Em 21 de junho do ano passado, depois da saúde, da economia e da democracia, foi a vez do governador de Minas fazer feio na educação. Zema recusou, ao lado de outros seis governadores, a assinar a “Nota pública em defesa do Fundeb”, o principal recurso de financiamento da educação pública no Brasil. Para fazer justiça ao mineiro, dessa vez ele não apenas fugiu da responsabilidade, mas manifestou sua opinião sobre o tema. O que o deixou ainda pior na foto. Zema desprezou a garantia do financiamento público permanente em nome de um voucher a ser negociado com o setor privado. A cara do Novo.

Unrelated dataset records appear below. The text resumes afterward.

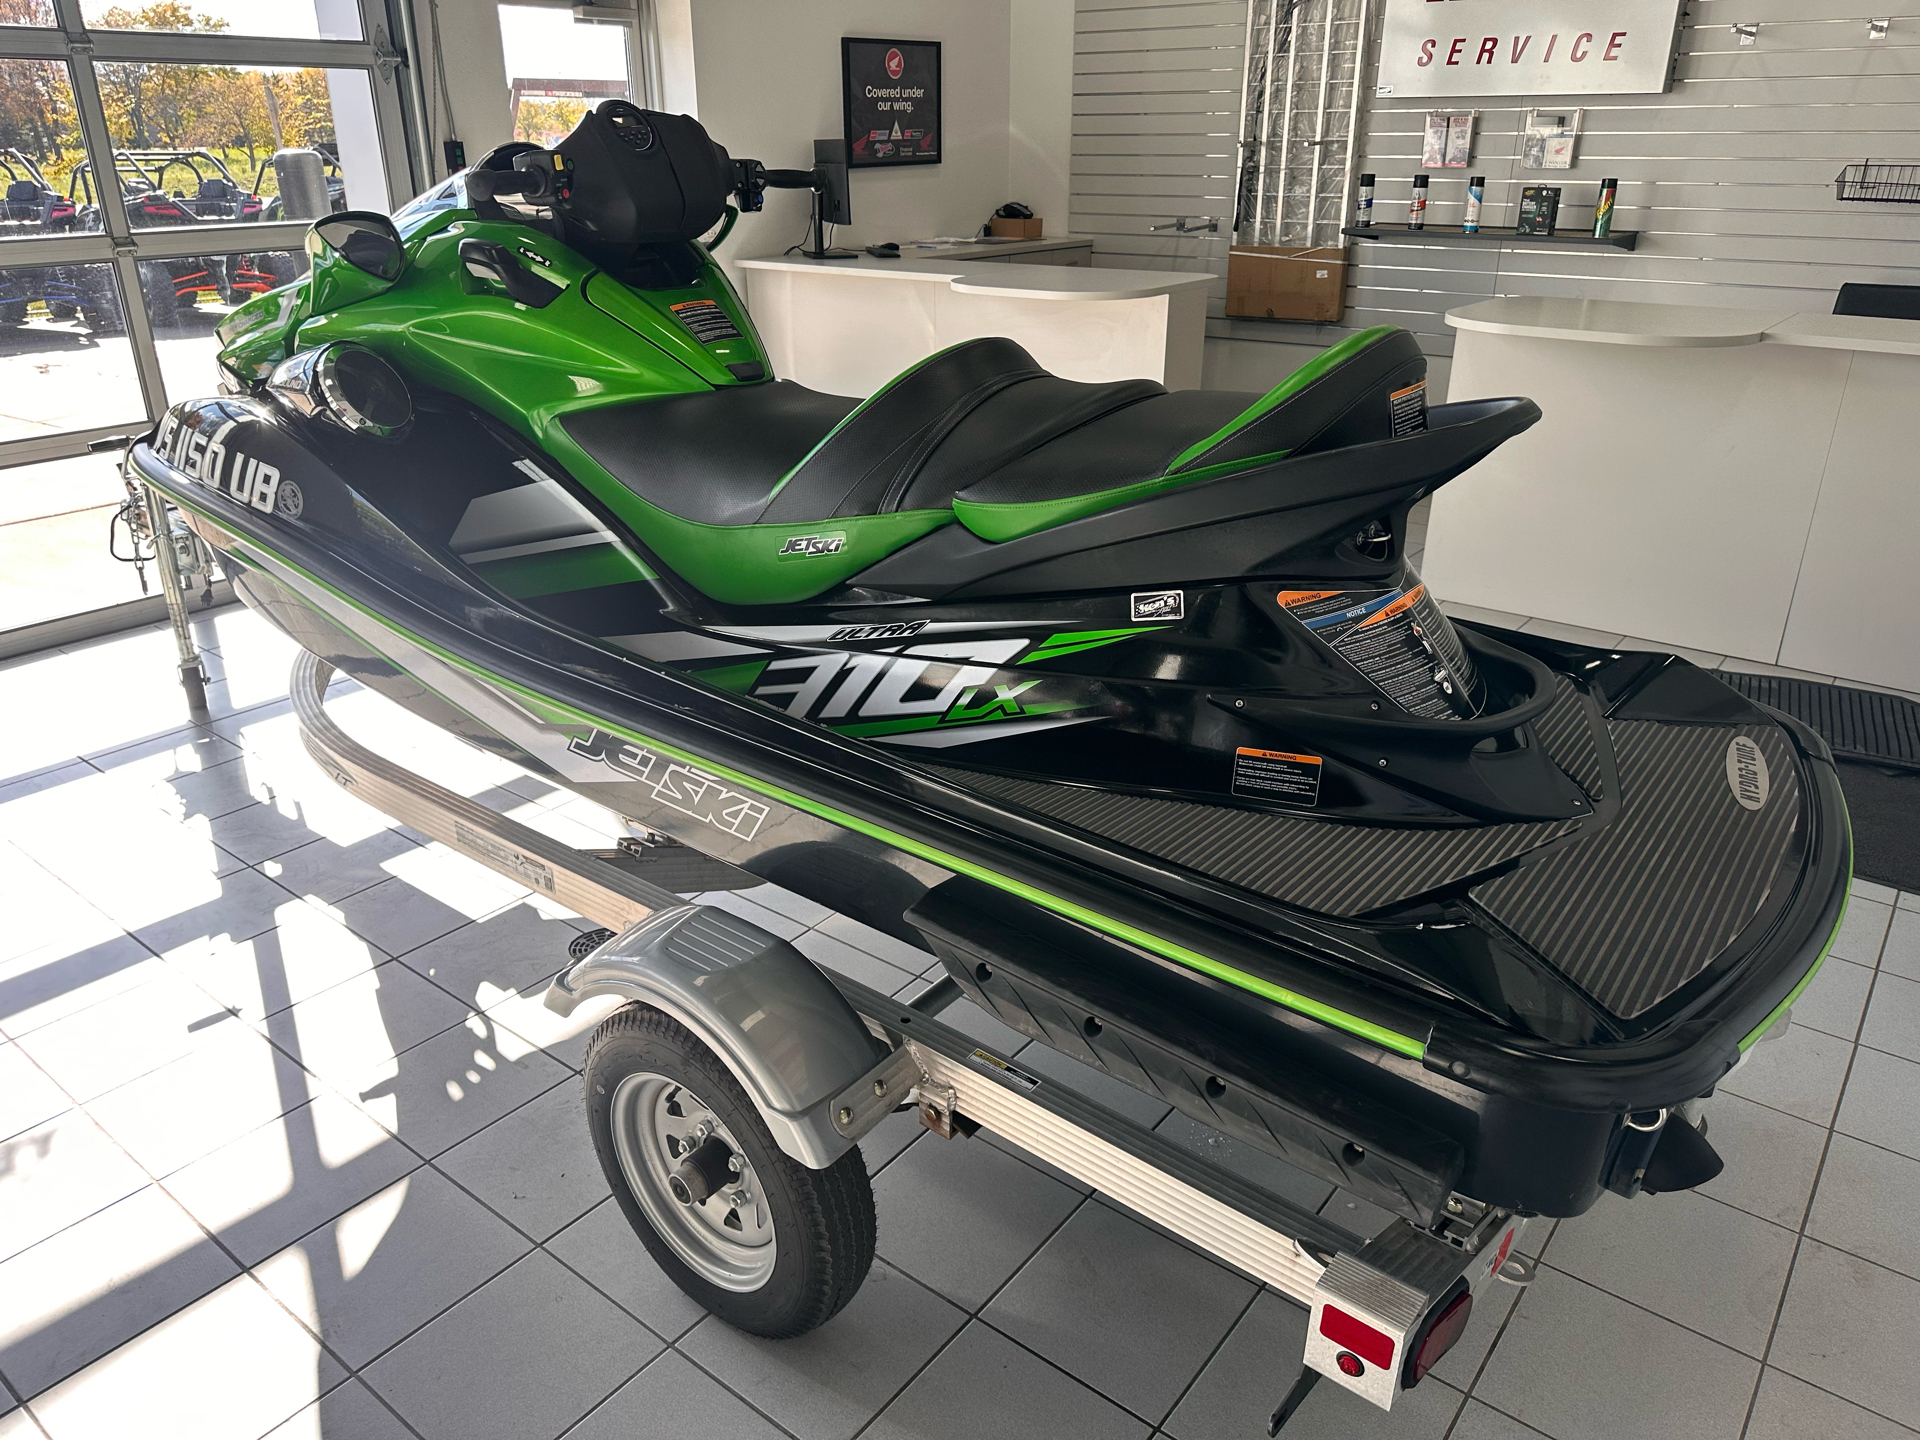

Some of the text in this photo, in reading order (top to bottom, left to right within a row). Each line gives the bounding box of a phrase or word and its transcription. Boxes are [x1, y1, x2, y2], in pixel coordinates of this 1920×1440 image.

[1417, 31, 1627, 67] SERVICE
[865, 85, 925, 98] Covered under
[877, 99, 914, 113] our wing.
[230, 451, 281, 514] UB
[1290, 592, 1322, 605] WARNING
[1346, 607, 1367, 619] NOTICE
[1389, 602, 1408, 615] WARNING
[827, 619, 932, 642] ULTRA
[1269, 752, 1297, 761] WARNING
[1735, 741, 1761, 804] HYDRO-TURF
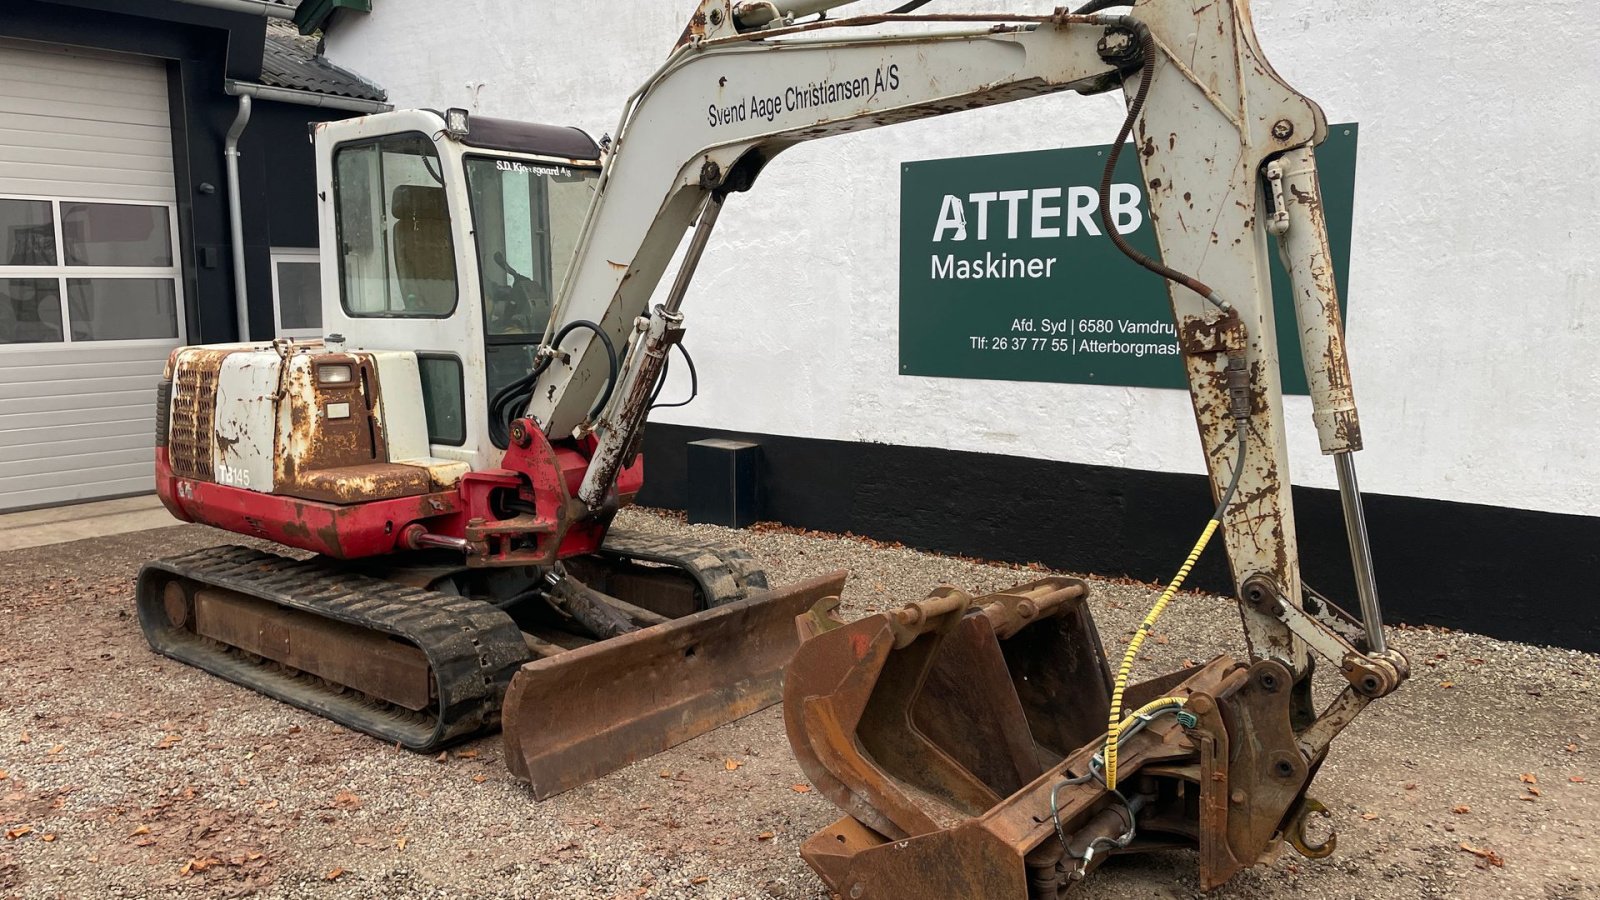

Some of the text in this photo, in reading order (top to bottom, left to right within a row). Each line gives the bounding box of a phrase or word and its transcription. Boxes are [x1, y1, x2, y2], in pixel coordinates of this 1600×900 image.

[708, 64, 900, 127] Svend Aage Christiansen A/S
[932, 182, 1151, 242] ATTERB
[931, 251, 1057, 279] Maskiner
[1011, 318, 1037, 332] Afd.
[1041, 318, 1067, 335] Syd
[1078, 319, 1114, 333] 6580
[1117, 319, 1177, 337] Vamdru
[969, 336, 988, 349] Tlf:
[991, 336, 1008, 350] 26
[1011, 337, 1027, 351] 37
[1031, 337, 1048, 351] 77
[1051, 338, 1068, 352] 55
[219, 464, 250, 486] TB145
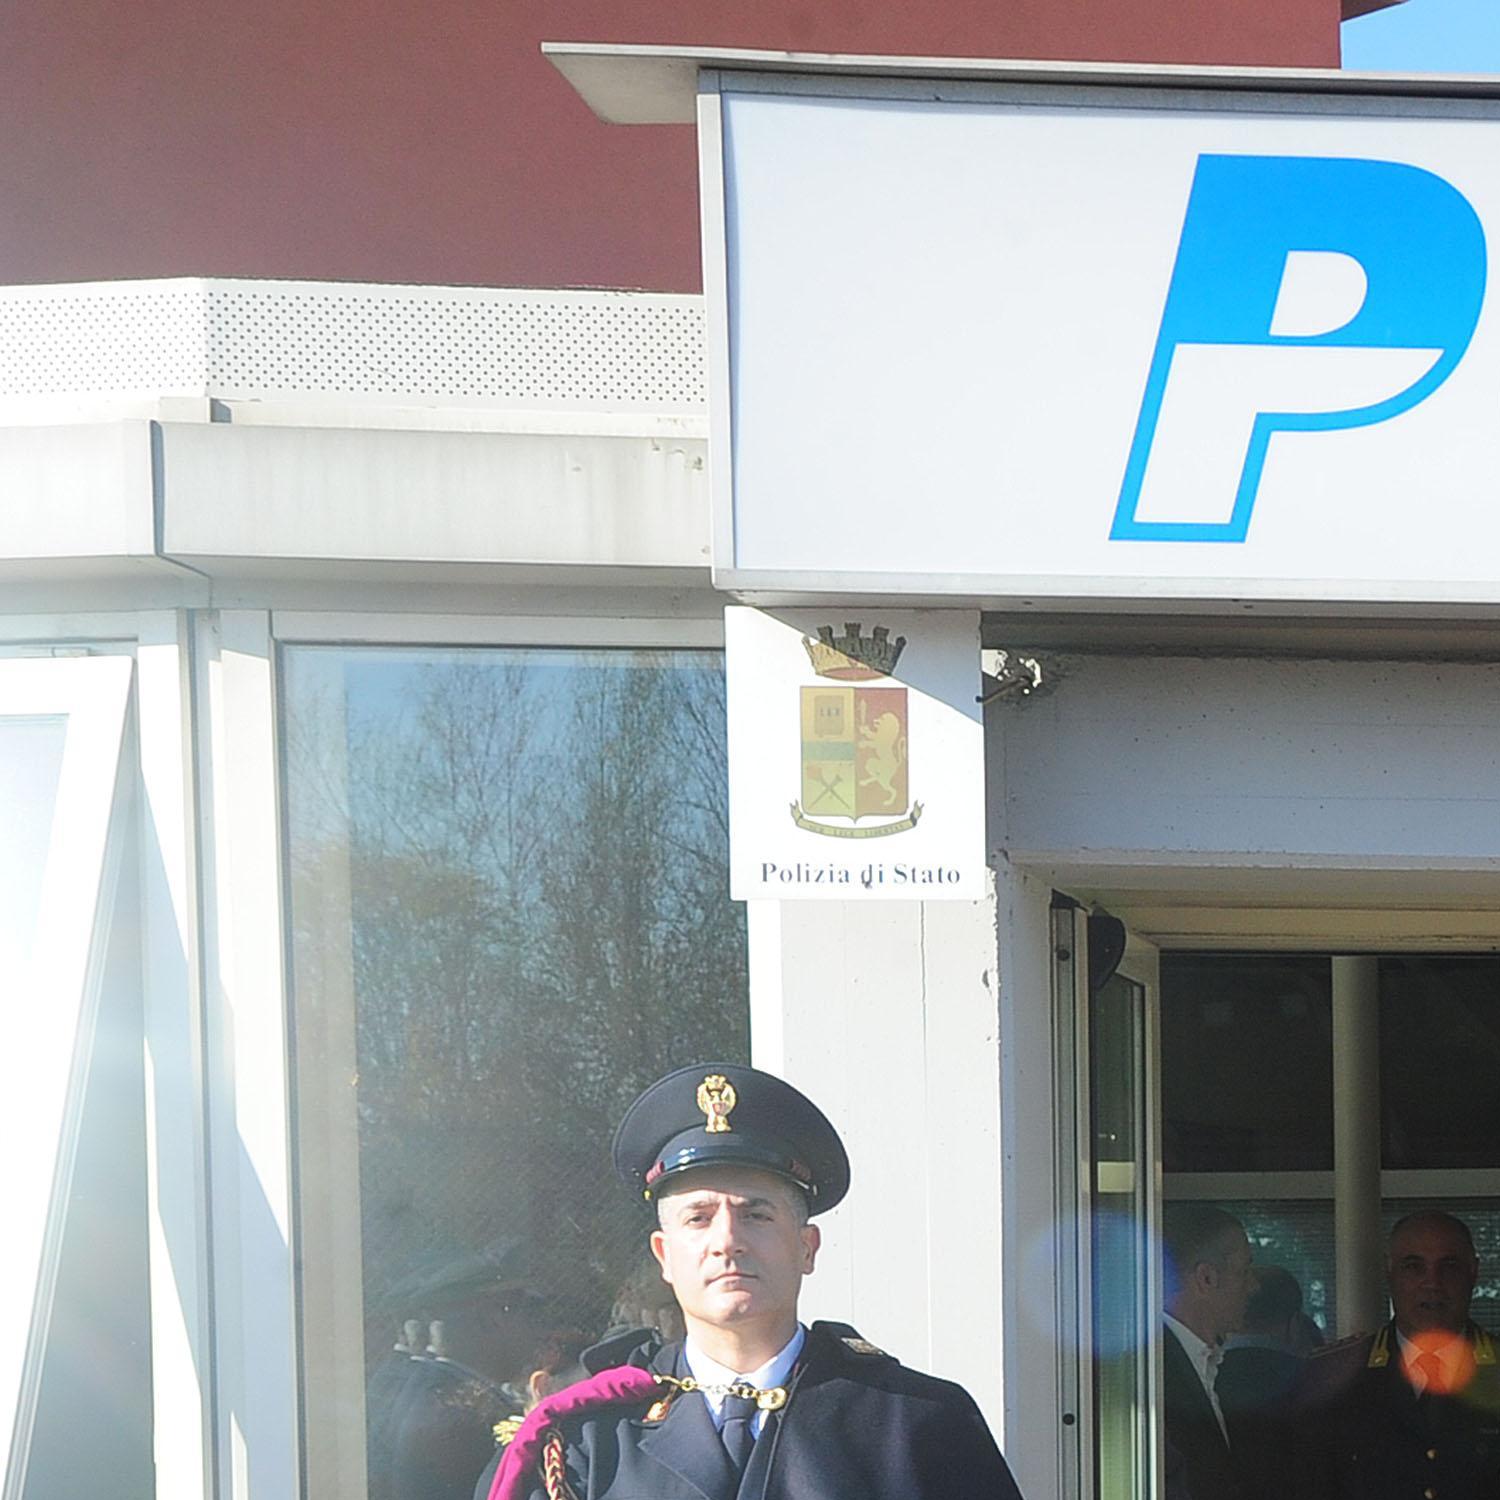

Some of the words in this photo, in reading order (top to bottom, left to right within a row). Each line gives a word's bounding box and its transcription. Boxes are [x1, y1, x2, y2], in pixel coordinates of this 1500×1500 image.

[761, 862, 850, 884] Polizia
[861, 863, 884, 886] di
[893, 862, 961, 885] Stato
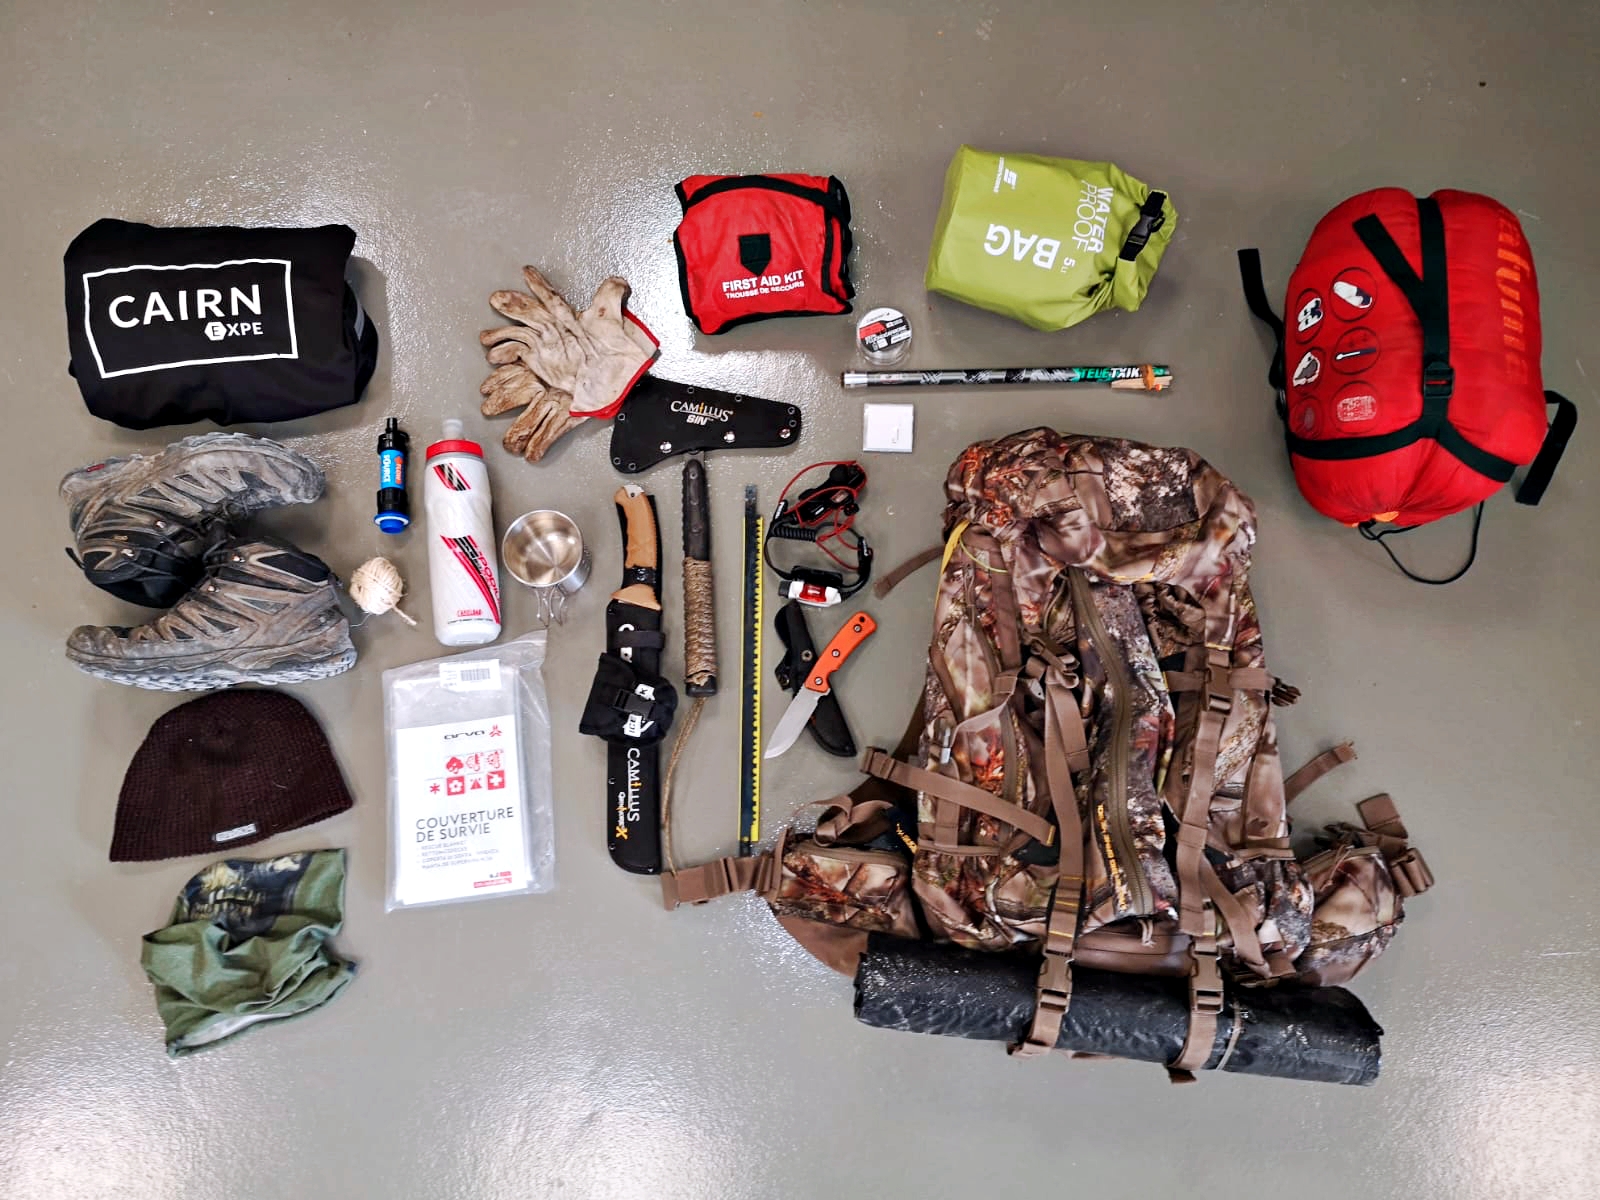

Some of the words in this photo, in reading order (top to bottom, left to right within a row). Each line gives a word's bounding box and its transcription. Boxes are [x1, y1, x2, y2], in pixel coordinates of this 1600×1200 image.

[1071, 180, 1098, 253] PROOF
[1087, 187, 1115, 254] WATER
[983, 223, 1061, 270] BAG
[723, 278, 757, 292] FIRST
[760, 275, 782, 287] AID
[784, 269, 805, 284] KIT
[726, 289, 759, 299] TROUSSE
[771, 281, 805, 292] SECOURS
[108, 284, 263, 329] CAIRN
[1495, 210, 1530, 384] afuma
[204, 320, 264, 342] EXPE
[1080, 366, 1143, 380] TELETXIK
[670, 400, 730, 422] CAMILLUS
[443, 731, 485, 740] arva
[626, 747, 641, 823] CAMILLUS
[415, 807, 514, 829] COUVERTURE
[415, 829, 436, 843] DE
[440, 822, 491, 840] SURVIE

O governador mineiro não está isolado apenas de seus pares, mas da saúde pública, da educação de qualidade e da democracia
Já em 2021, no primeiro dia de março, foi a vez de não assinar uma nota pública de repúdio firmada por 18 governadores, que criticava a declaração de Bolsonaro sobre repasses de recursos para a saúde aos estados, sugerindo mau uso pelos mandatários estaduais. O documento confundia repasses constitucionalmente obrigatórios para o setor com novas alocações, distorcendo propositalmente as informações, com uso de instrumentos de comunicação oficiais. Em outros termos, o governo federal pagava para mentir e jogar a população contra os governos estaduais, sobretudo os que adotaram medidas responsáveis de isolamento social. Zema foi o único governador da região Sudeste a não colocar o jamegão na carta.
Poucos dias depois, em 4 de março, o governador de Minas ficou de fora de outro documento que teve adesão de 14 governadores. Destacando a gravidade da situação da pandemia, em termos de falta de leitos e surgimento de novas variantes do vírus, o documento cobra a agilização na compra de vacinas de diferentes fabricantes. E alerta: “Se não tivermos pressa, o futuro não nos julgará com benevolência”. Zema parece não ter pressa nem espera pela benevolência do porvir. Guardou mais uma vez a caneta no bolso.
Em 24 de março, foi a vez de dizer não à renda mínima e à dignidade do cidadão brasileiro espremido entre a crise sanitária e o desemprego. O governador do Novo mostrou seu DNA empresarial e fiscalista ao se negar a assinar ao lado de 16 pares de outros estados - apoiando centenas de entidades e sindicatos que defendem a renda básica a todos os brasileiros - , a defesa do auxílio emergencial nos mesmos valores do ano passado, de R$ 600.
A proposta do governo Bolsonaro reduz para R$ 150 a R$ 375 o auxílio, dependendo do tipo de estrutura familiar contemplada. A proposta dava conta da necessidade de preservar a saúde fiscal, mas sem a sobrepor às necessidades prementes da sobrevivência dos brasileiros e mesmo das relações econômicas em larga escala, como tem sido feito em todos os países que apostam na retomada da economia com participação estratégica do Estado. A carta foi dirigida aos presidentes da Câmara e do Senado, não a Bolsonaro. Mas para Zema, tanto faz.
O governador mineiro não está isolado apenas de seus pares, mas da saúde pública, da educação de qualidade e da democracia. Em resumo, de tudo que vale a pena. Não devemos esperar o juízo final para que Deus vomite os mornos. A tarefa é do povo. E urgente.